- **Problem**
Once the pictures are removed, output the remaining entries exactly as given.

(Records from a collection)
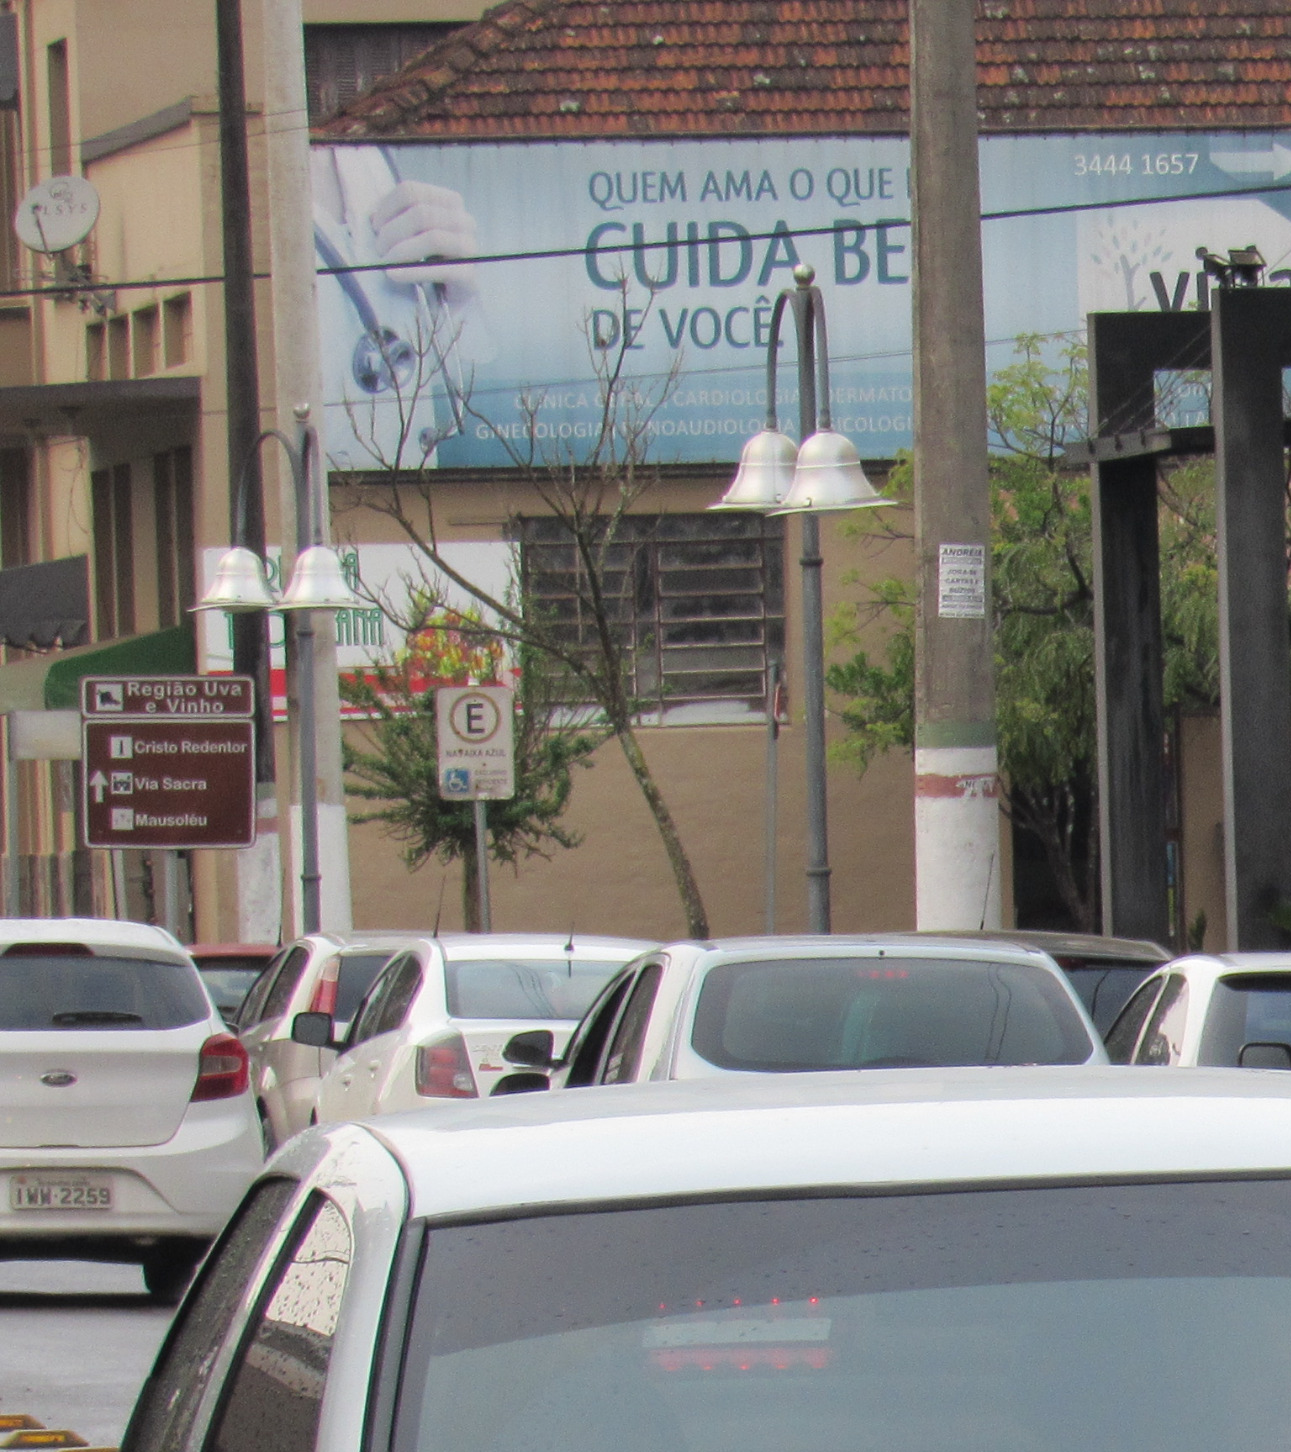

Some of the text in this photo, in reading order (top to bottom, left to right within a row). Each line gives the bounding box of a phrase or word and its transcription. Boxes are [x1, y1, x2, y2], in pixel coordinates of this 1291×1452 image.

[1075, 154, 1199, 176] 3444 1657
[588, 169, 687, 210] QUEM
[700, 169, 778, 201] AMA
[789, 168, 814, 201] O
[826, 167, 893, 207] QUE
[584, 218, 910, 291] CUIDA BE
[592, 308, 645, 350] DE
[127, 681, 241, 700] Região Uva
[145, 699, 224, 713] e Vinho
[466, 703, 486, 734] E
[134, 741, 247, 754] Cristo Redentor
[135, 777, 207, 790] Via Sacra
[135, 814, 207, 826] Mausoléu

- **Solution**
Some of the text in this photo, in reading order (top to bottom, left to right within a row). Each line gives the bounding box of a phrase or word and its transcription. Boxes are [x1, y1, x2, y2], in pixel coordinates of this 1291×1452 image.

[1075, 154, 1199, 176] 3444 1657
[588, 169, 687, 210] QUEM
[700, 169, 778, 201] AMA
[789, 168, 814, 201] O
[826, 167, 893, 207] QUE
[584, 218, 910, 291] CUIDA BE
[592, 308, 645, 350] DE
[127, 681, 241, 700] Região Uva
[145, 699, 224, 713] e Vinho
[466, 703, 486, 734] E
[134, 741, 247, 754] Cristo Redentor
[135, 777, 207, 790] Via Sacra
[135, 814, 207, 826] Mausoléu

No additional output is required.